Getting Started with ClickHouse
This document covers ClickHouse installation, initial configuration, and the first steps for setting up an analytical environment.
What Is ClickHouse?
ClickHouse is an open-source columnar OLAP database designed for high-throughput analytical queries. It is the fastest open-source analytical database for aggregation queries over large datasets.
Key characteristics:
- Column-oriented storage (each column stored separately)

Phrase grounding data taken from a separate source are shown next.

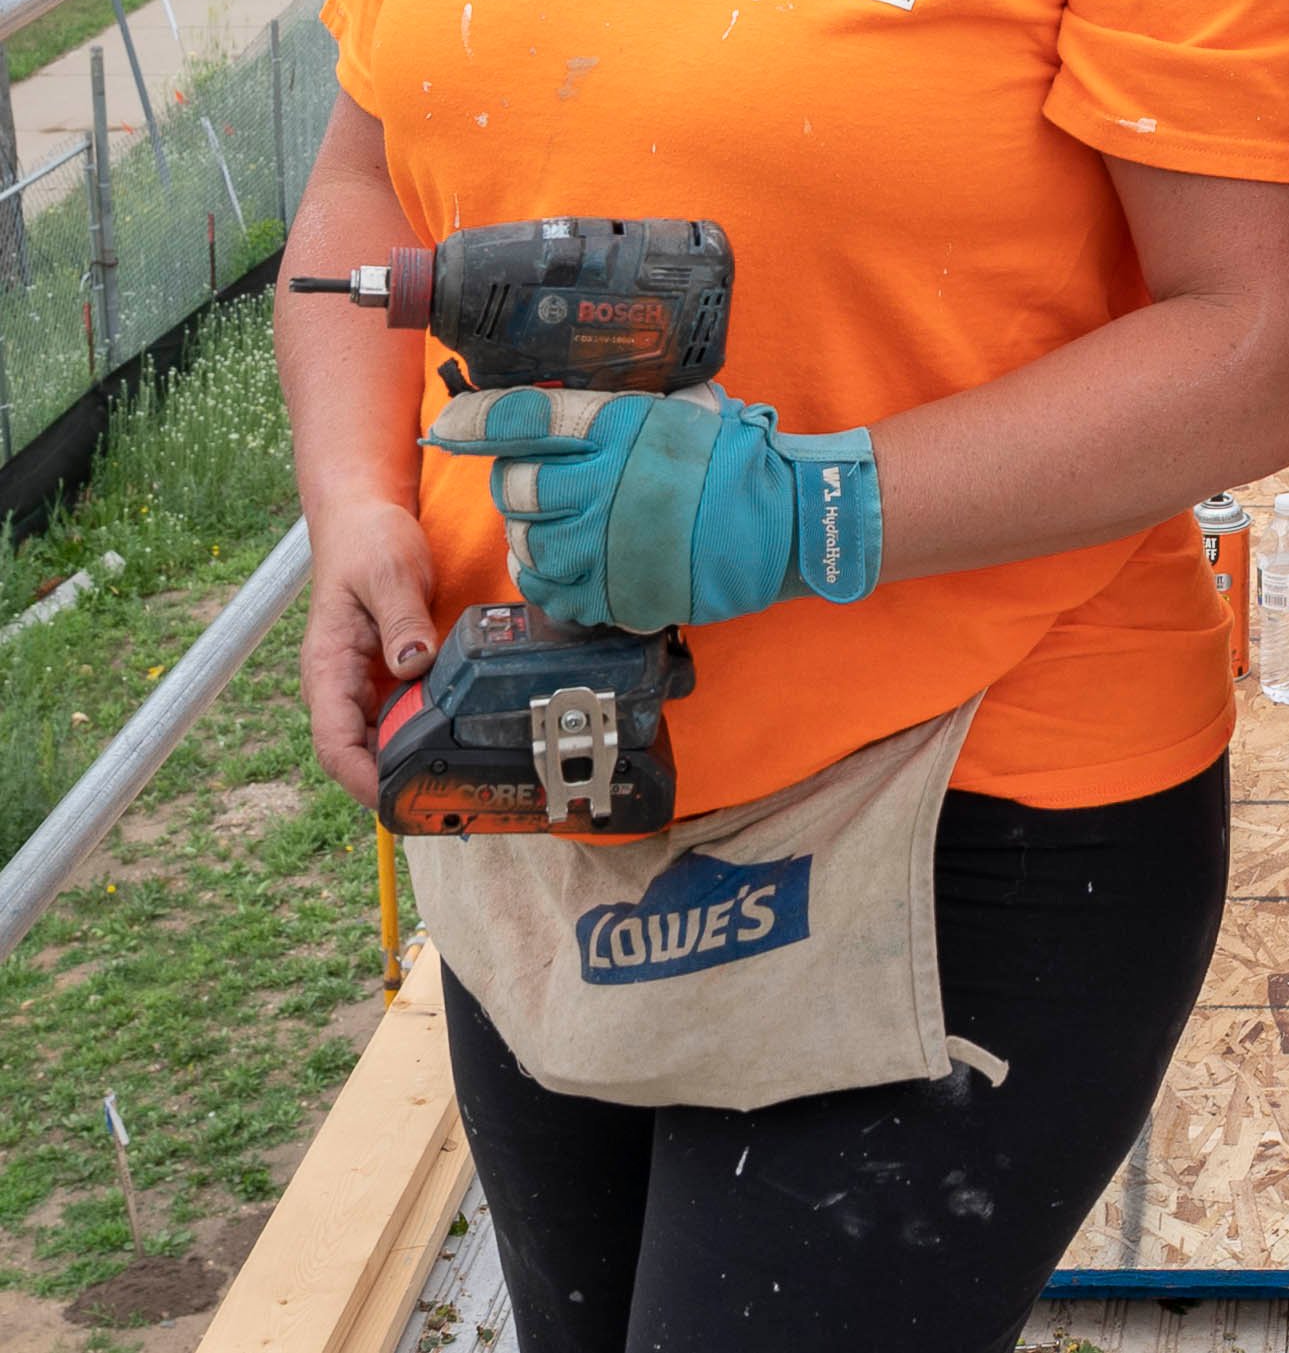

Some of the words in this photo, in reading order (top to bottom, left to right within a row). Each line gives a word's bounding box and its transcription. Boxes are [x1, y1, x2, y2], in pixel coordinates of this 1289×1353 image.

[578, 300, 663, 324] BOSCH
[822, 506, 840, 584] HydraHyde
[588, 885, 776, 968] LOWE'S
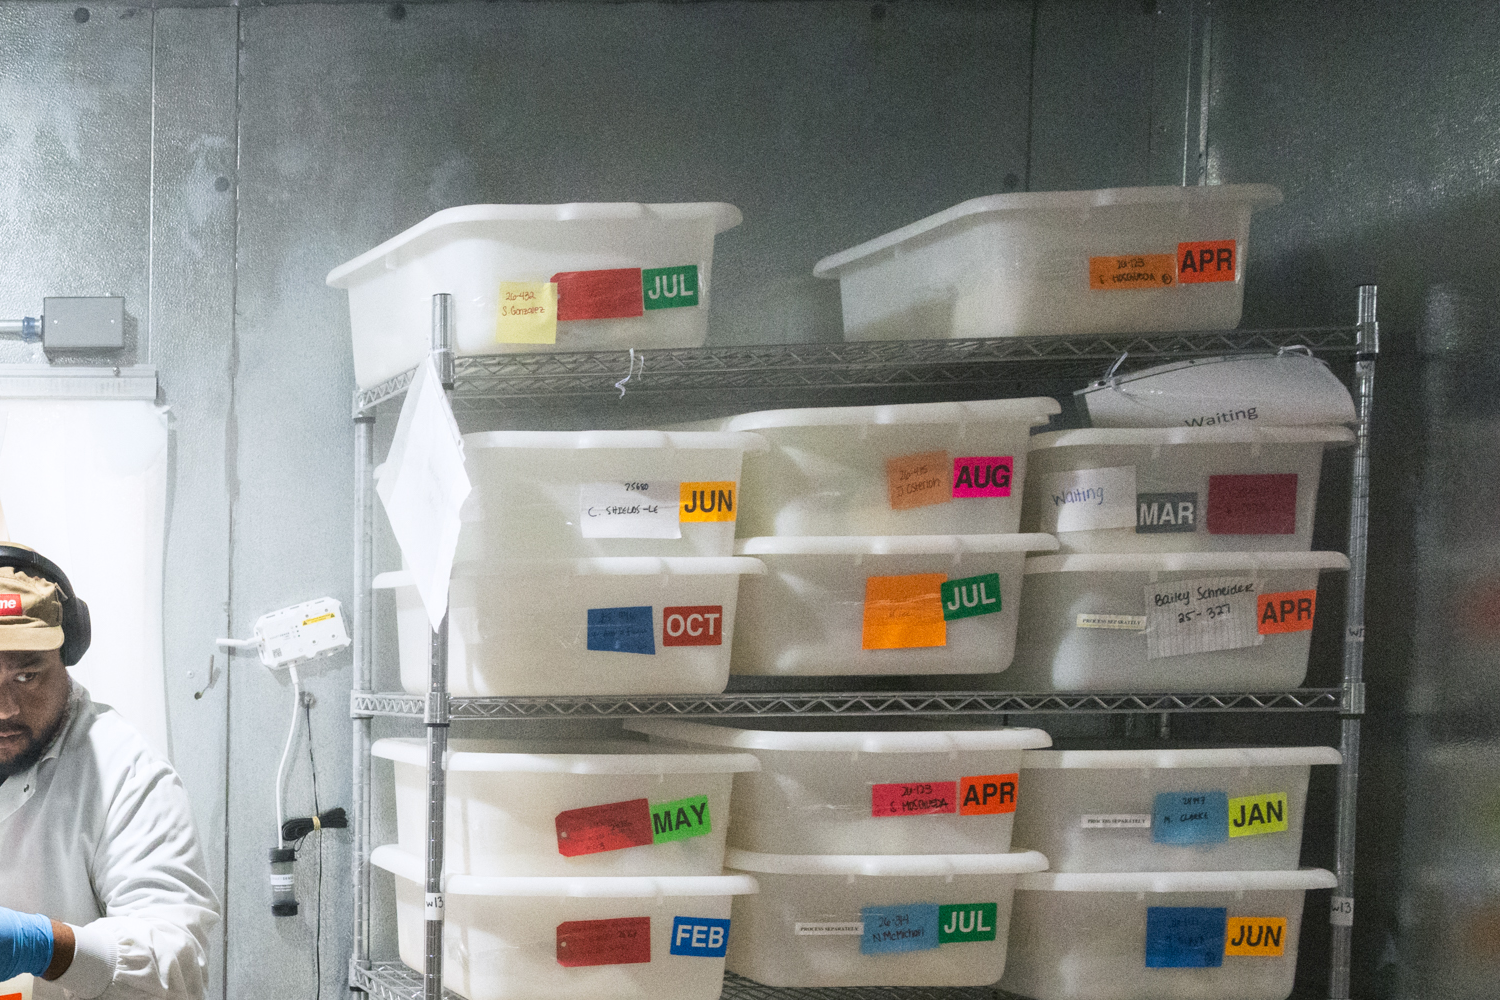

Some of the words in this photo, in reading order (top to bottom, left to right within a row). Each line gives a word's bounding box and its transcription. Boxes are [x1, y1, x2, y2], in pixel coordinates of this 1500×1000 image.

[1181, 249, 1232, 273] APR
[648, 274, 694, 299] JUL
[1185, 407, 1259, 427] Waiting
[955, 464, 1010, 489] AUG
[684, 490, 732, 513] JUN
[1051, 486, 1105, 506] Waiting
[1139, 502, 1194, 526] MAR
[948, 582, 996, 610] JUL
[1154, 590, 1190, 607] Bailey
[1261, 598, 1312, 625] APR
[666, 613, 720, 637] OCT
[963, 782, 1015, 806] APR
[653, 803, 706, 834] MAY
[1233, 800, 1283, 827] JAN
[944, 910, 991, 933] JUL
[676, 925, 724, 948] FEB
[1231, 925, 1282, 947] JUN
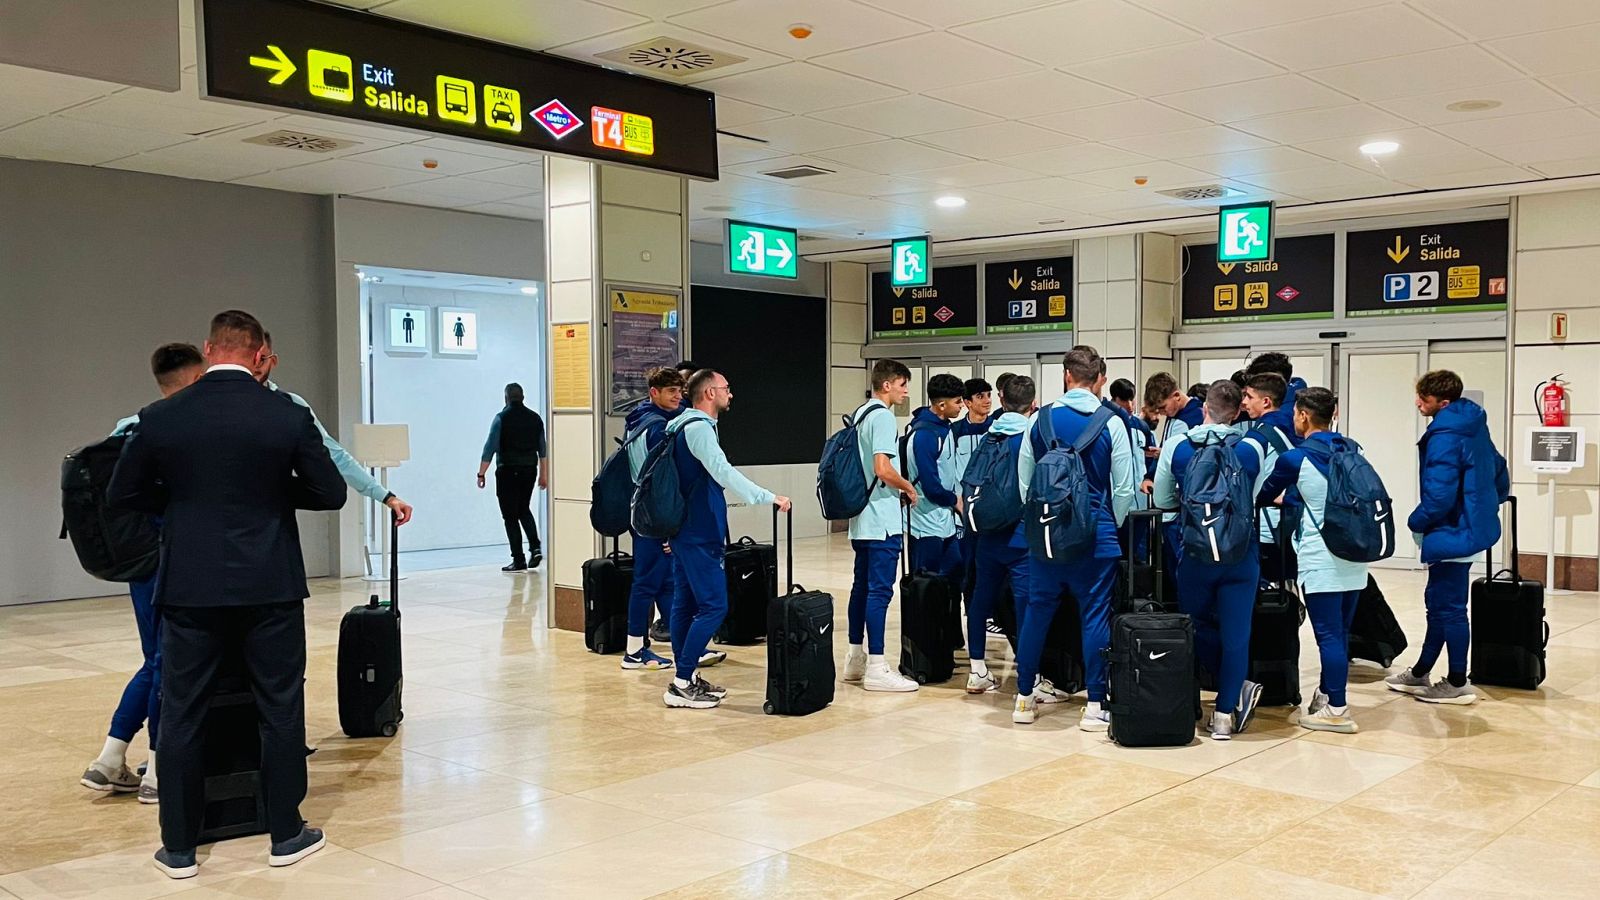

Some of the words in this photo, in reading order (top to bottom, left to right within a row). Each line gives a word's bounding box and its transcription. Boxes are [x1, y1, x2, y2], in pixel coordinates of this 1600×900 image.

[363, 63, 394, 86] Exit
[491, 89, 513, 100] TAXI
[364, 86, 429, 116] Salida
[546, 112, 568, 124] Metro
[594, 109, 621, 121] Terminal
[593, 117, 622, 146] T4
[624, 125, 638, 139] BUS
[1420, 233, 1441, 246] Exit
[1420, 247, 1460, 261] Salida
[1036, 266, 1053, 277] Exit
[1244, 261, 1279, 273] Salida
[1030, 279, 1060, 291] Salida
[1390, 276, 1406, 299] P
[1417, 275, 1432, 297] 2
[1448, 277, 1463, 289] BUS
[1490, 282, 1505, 294] T4
[911, 287, 938, 299] Salida
[1012, 303, 1020, 316] P
[1025, 302, 1033, 316] 2
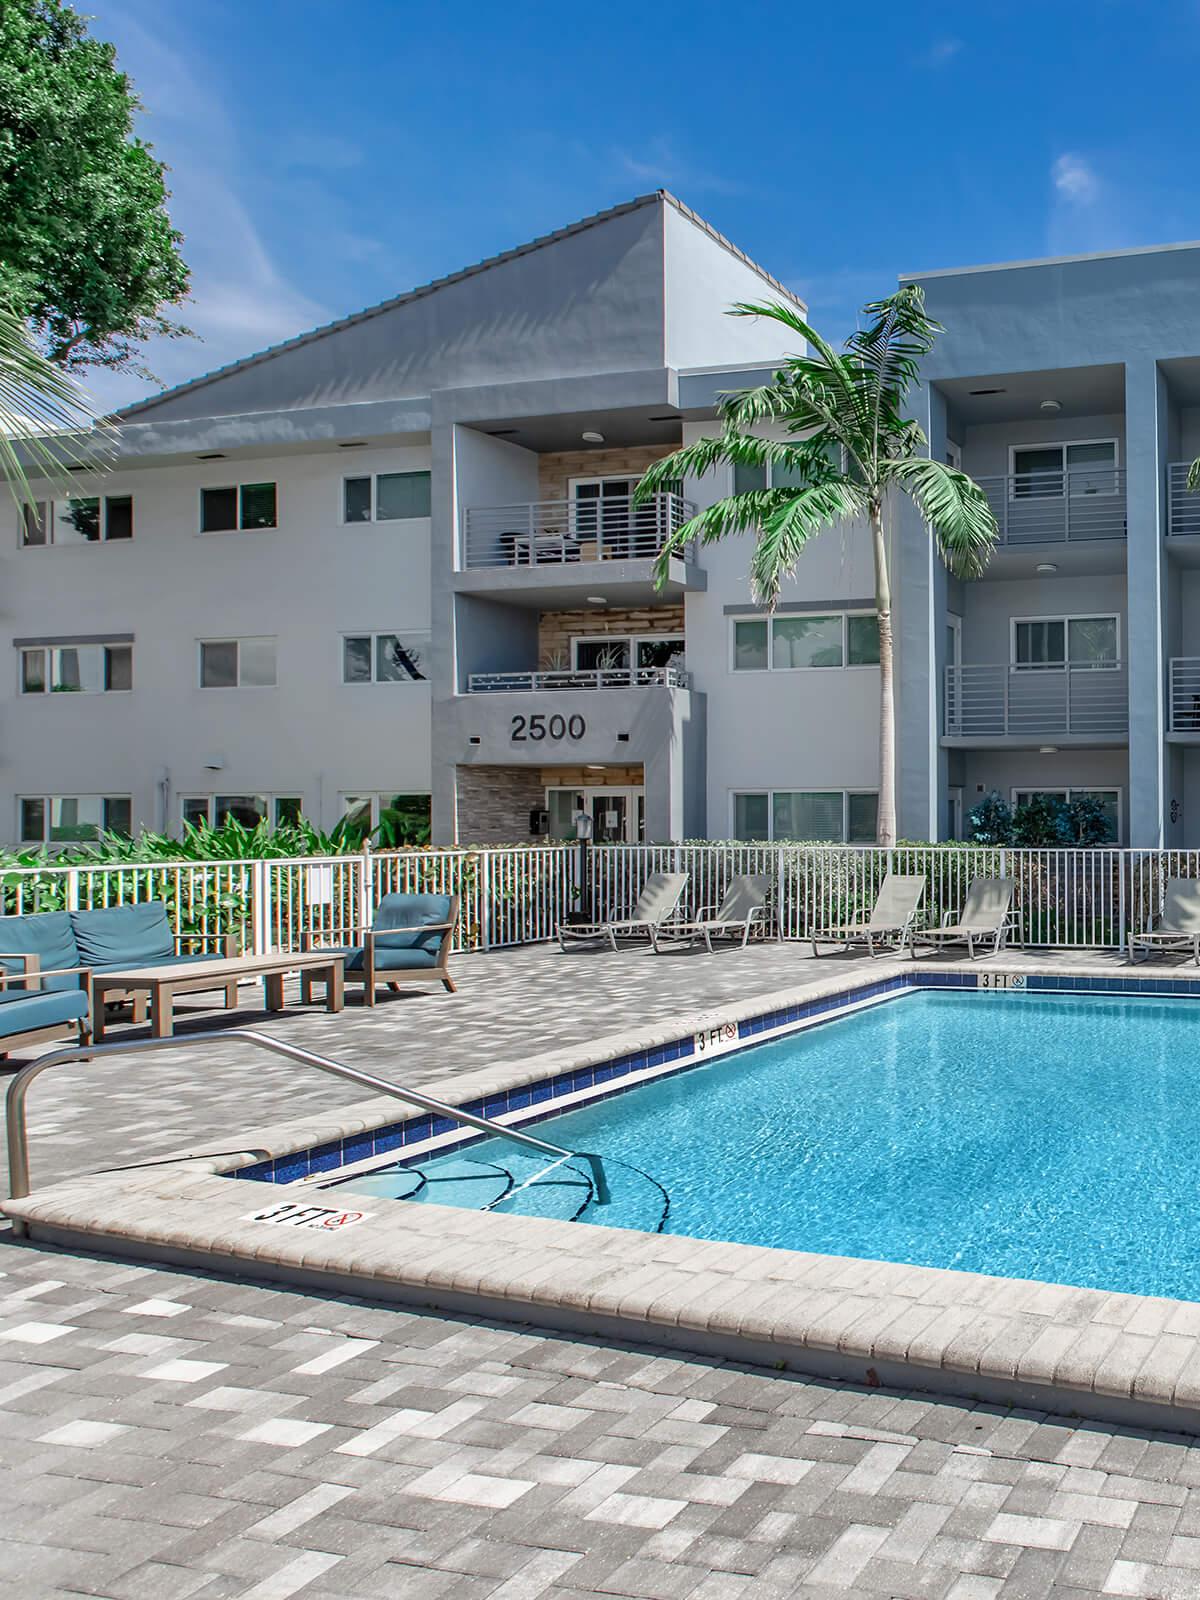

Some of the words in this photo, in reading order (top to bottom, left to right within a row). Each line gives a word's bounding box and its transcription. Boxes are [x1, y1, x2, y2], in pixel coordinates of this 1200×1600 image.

[511, 714, 586, 741] 2500
[983, 974, 990, 988] 3
[698, 1032, 706, 1051] 3
[254, 1204, 298, 1221] 3
[275, 1207, 339, 1226] FT

- Vectorized query execution
- Built-in compression per column
- Linear horizontal scalability
- SQL-compatible query language
Installation Options
Docker (Development)
docker run -d \
--name clickhouse \
-p 8123:8123 \
-p 9000:9000 \
-v clickhouse_data:/var/lib/clickhouse \
clickhouse/clickhouse-server:latest
Connect via HTTP:
curl http://localhost:8123/?query=SELECT+version()
Connect via CLI:
docker exec -it clickhouse clickhouse-client
Linux Package Install
sudo apt-get install -y apt-transport-https ca-certificates curl gnupg
curl -fsSL 'https://packages.clickhouse.com/rpm/lts/repodata/repomd.xml.key' \
| sudo gpg --dearmor -o /usr/share/keyrings/clickhouse-keyring.gpg
echo "deb [signed-by=/usr/share/keyrings/clickhouse-keyring.gpg] https://packages.clickhouse.com/deb stable main" \
| sudo tee /etc/apt/sources.list.d/clickhouse.list
sudo apt-get update
sudo apt-get install -y clickhouse-server clickhouse-client
sudo systemctl start clickhouse-server
Initial Configuration
Key configuration file: /etc/clickhouse-server/config.xml
Listen Address
By default ClickHouse listens on localhost only. To allow remote connections:
<!-- /etc/clickhouse-server/config.d/network.xml -->
<clickhouse>
<listen_host>0.0.0.0</listen_host>
</clickhouse>
Memory Limits
<!-- /etc/clickhouse-server/users.d/limits.xml -->
<clickhouse>
<profiles>
<default>
<max_memory_usage>10000000000</max_memory_usage> <!-- 10 GB -->
<max_bytes_before_external_group_by>5000000000</max_bytes_before_external_group_by>
</default>
</profiles>
</clickhouse>
User Configuration
Create a dedicated user for ETL pipelines:
CREATE USER etl_user IDENTIFIED WITH sha256_password BY 'strong_password';
GRANT CREATE TABLE, INSERT, SELECT ON analytics.* TO etl_user;
Create a read-only user for BI tools:
CREATE USER bi_user IDENTIFIED WITH sha256_password BY 'strong_password';
GRANT SELECT ON analytics.* TO bi_user;
Creating Your First Table
CREATE DATABASE IF NOT EXISTS analytics;
CREATE TABLE analytics.fct_orders (
order_date Date,
order_id UInt64,
customer_id UInt64,
product_id UInt64,
product_name LowCardinality(String),
category_name LowCardinality(String),
quantity UInt16,
revenue Decimal(10,2),
order_status LowCardinality(String),
etl_time DateTime DEFAULT now()
)
ENGINE = MergeTree()
PARTITION BY toYYYYMM(order_date)
ORDER BY (order_date, customer_id, order_id)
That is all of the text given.